Your answer must be an exact copy of the records below, with every picture left out.
** Opening Exercise material block **
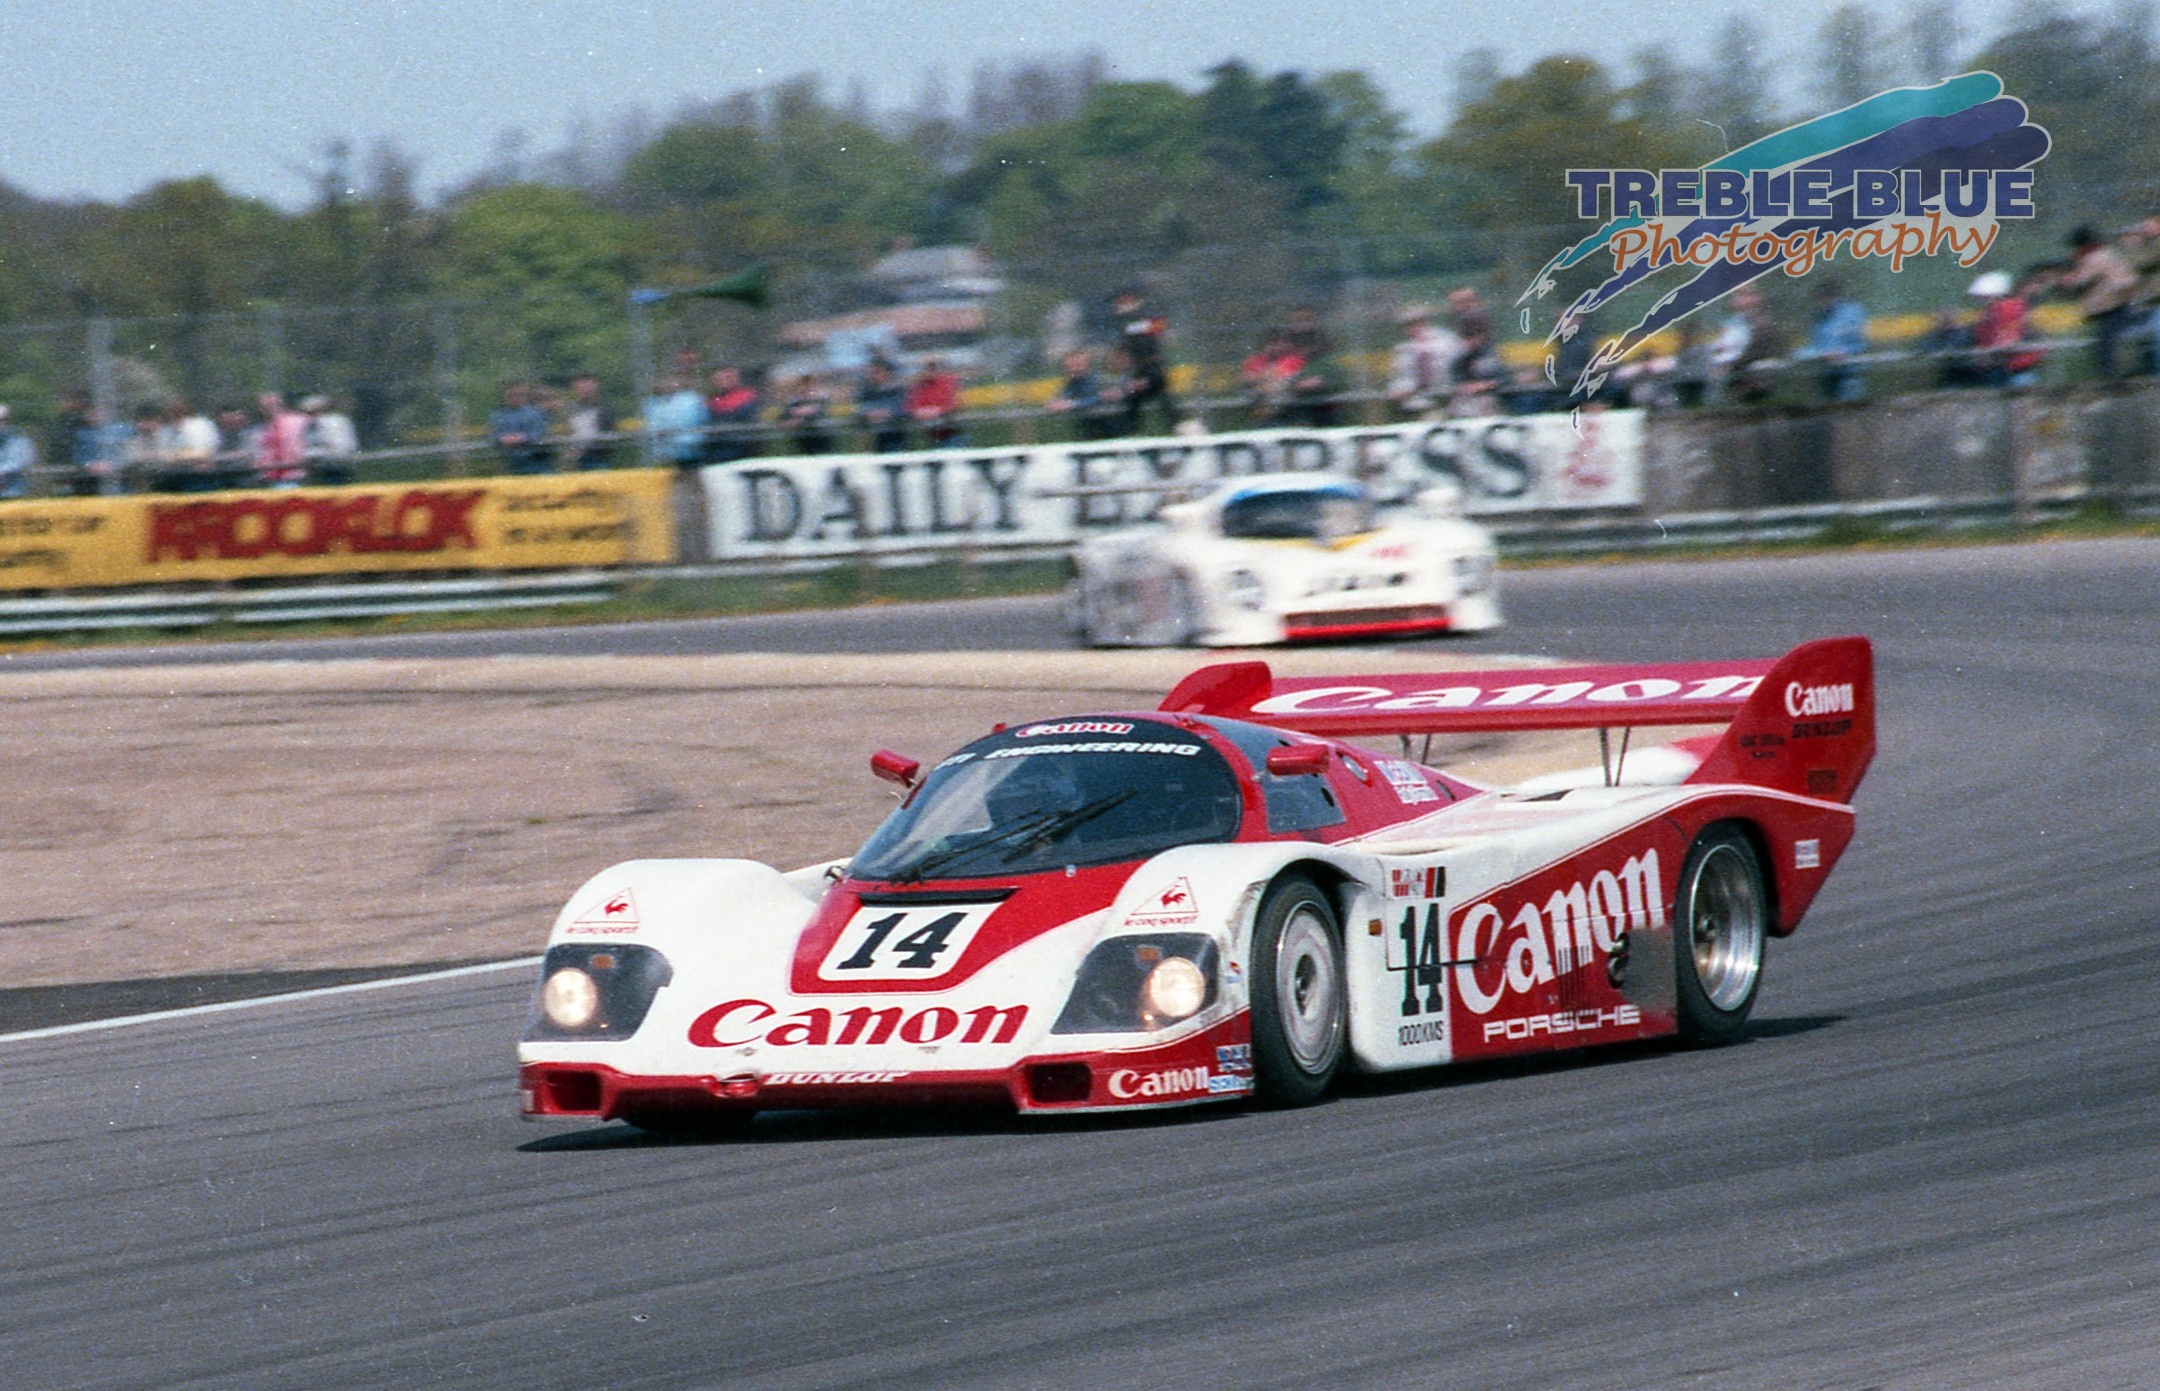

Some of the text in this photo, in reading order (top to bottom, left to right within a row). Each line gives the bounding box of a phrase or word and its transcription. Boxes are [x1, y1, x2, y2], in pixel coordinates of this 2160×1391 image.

[737, 454, 1030, 541] DAILY
[1250, 675, 1766, 714] Canon
[1785, 681, 1854, 717] Canon
[1016, 722, 1134, 738] Canon
[984, 742, 1201, 759] ENGINEERING
[837, 911, 968, 970] 14
[1455, 847, 1666, 1014] Canon
[1399, 902, 1443, 1017] 14
[688, 999, 1029, 1048] Canon
[1483, 1004, 1642, 1044] PORSCHE
[763, 1072, 911, 1086] DUNLOP
[1108, 1066, 1210, 1099] Canon
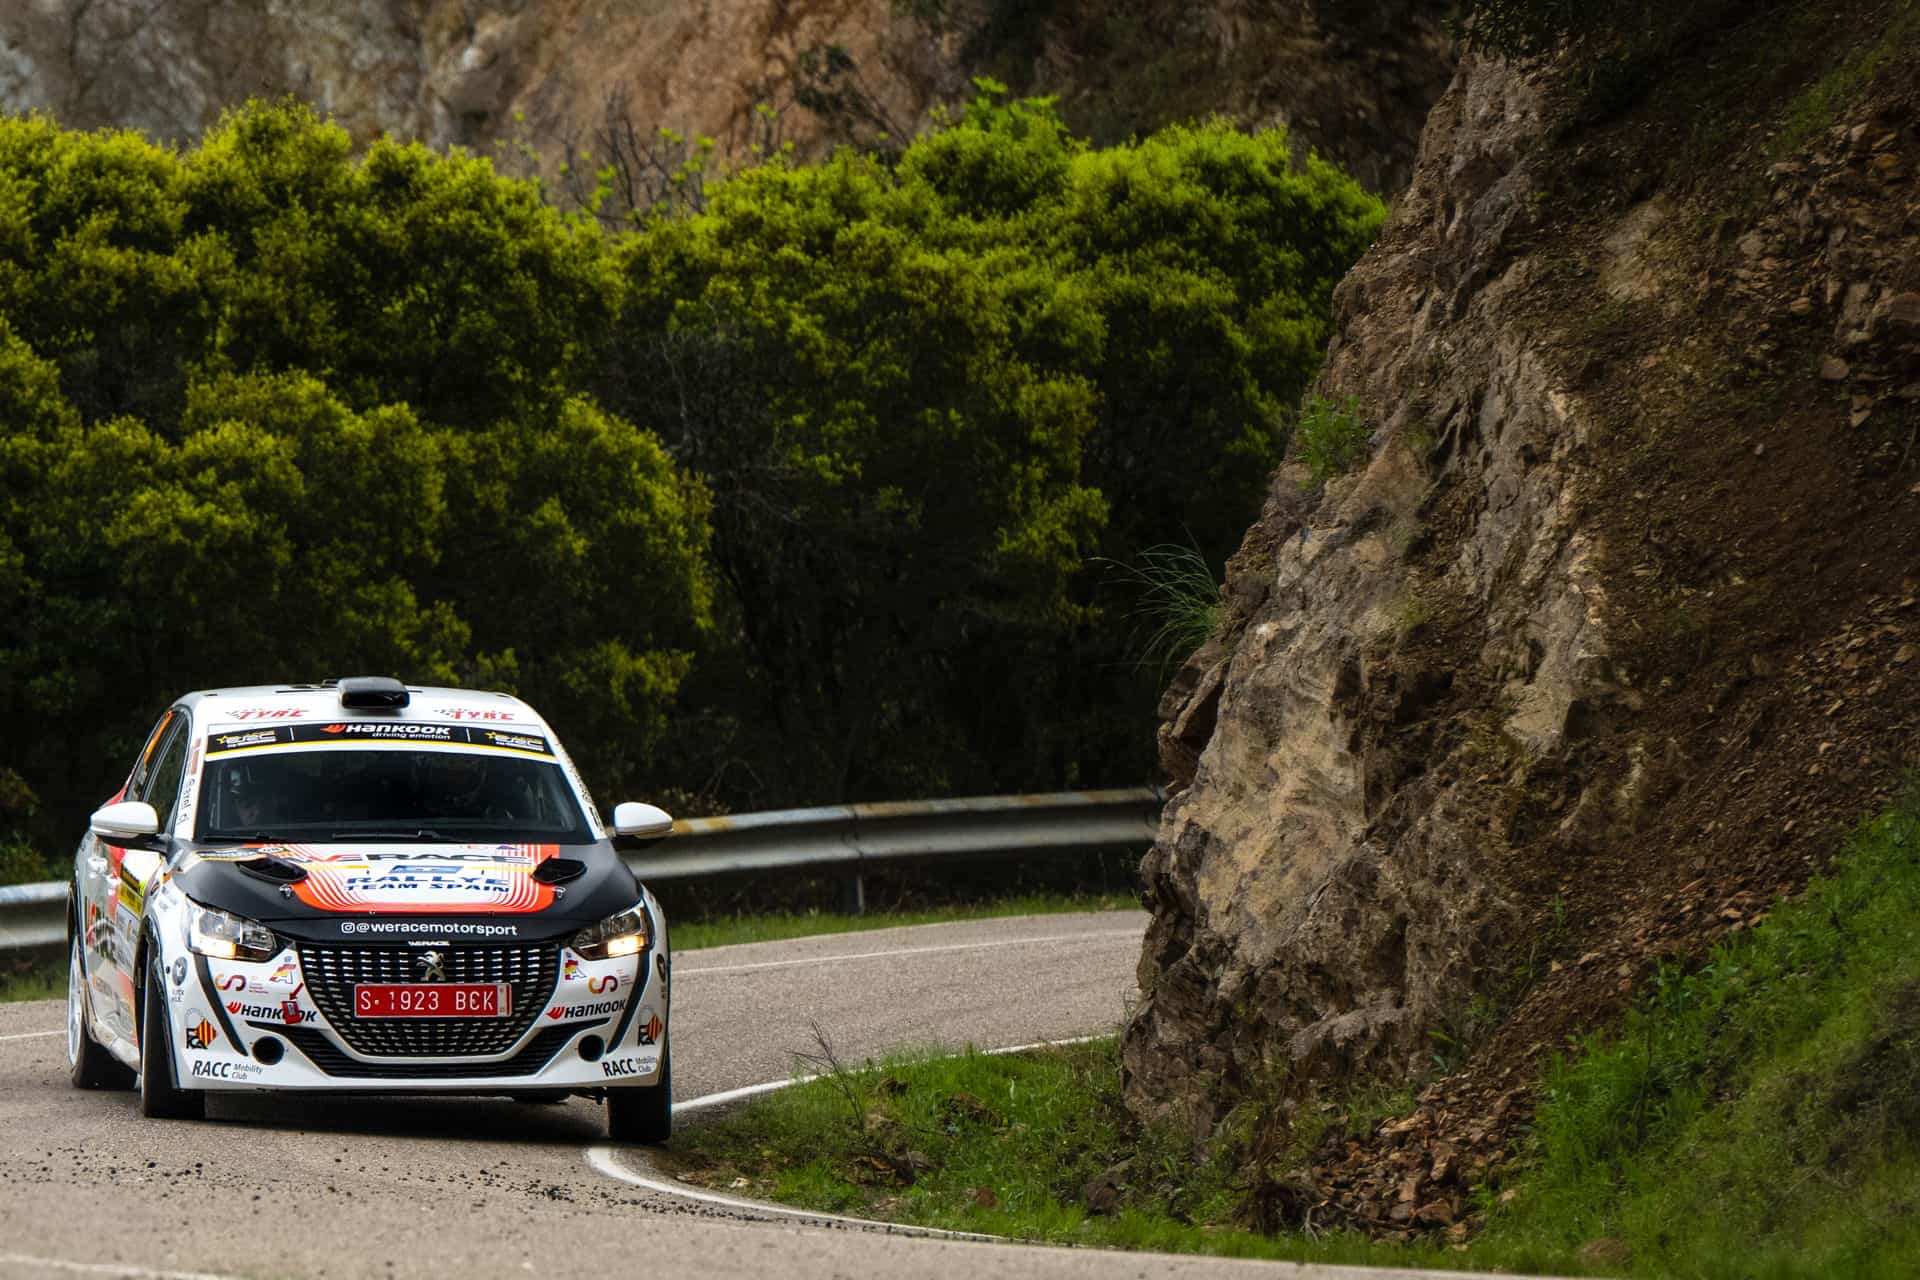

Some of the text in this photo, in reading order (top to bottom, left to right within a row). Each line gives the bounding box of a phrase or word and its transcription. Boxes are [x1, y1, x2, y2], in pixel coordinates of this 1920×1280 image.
** Closing Exercise material block **
** The completed task **
Some of the text in this photo, in reading order (top to bottom, left to right within a row). Each line gives the bounding box of a phrase or word and its transcription. Boxes are [x1, y1, x2, y2], in pixel coordinates of this 2160×1391 image.

[737, 454, 1030, 541] DAILY
[1250, 675, 1766, 714] Canon
[1785, 681, 1854, 717] Canon
[1016, 722, 1134, 738] Canon
[984, 742, 1201, 759] ENGINEERING
[837, 911, 968, 970] 14
[1455, 847, 1666, 1014] Canon
[1399, 902, 1443, 1017] 14
[688, 999, 1029, 1048] Canon
[1483, 1004, 1642, 1044] PORSCHE
[763, 1072, 911, 1086] DUNLOP
[1108, 1066, 1210, 1099] Canon

Some of the text in this photo, in reading order (top to bottom, left to right within a row). Each line gives the bounding box of a phrase or word and its transcription. Boxes are [x1, y1, x2, y2], in pixel coordinates of this 1920×1280 image.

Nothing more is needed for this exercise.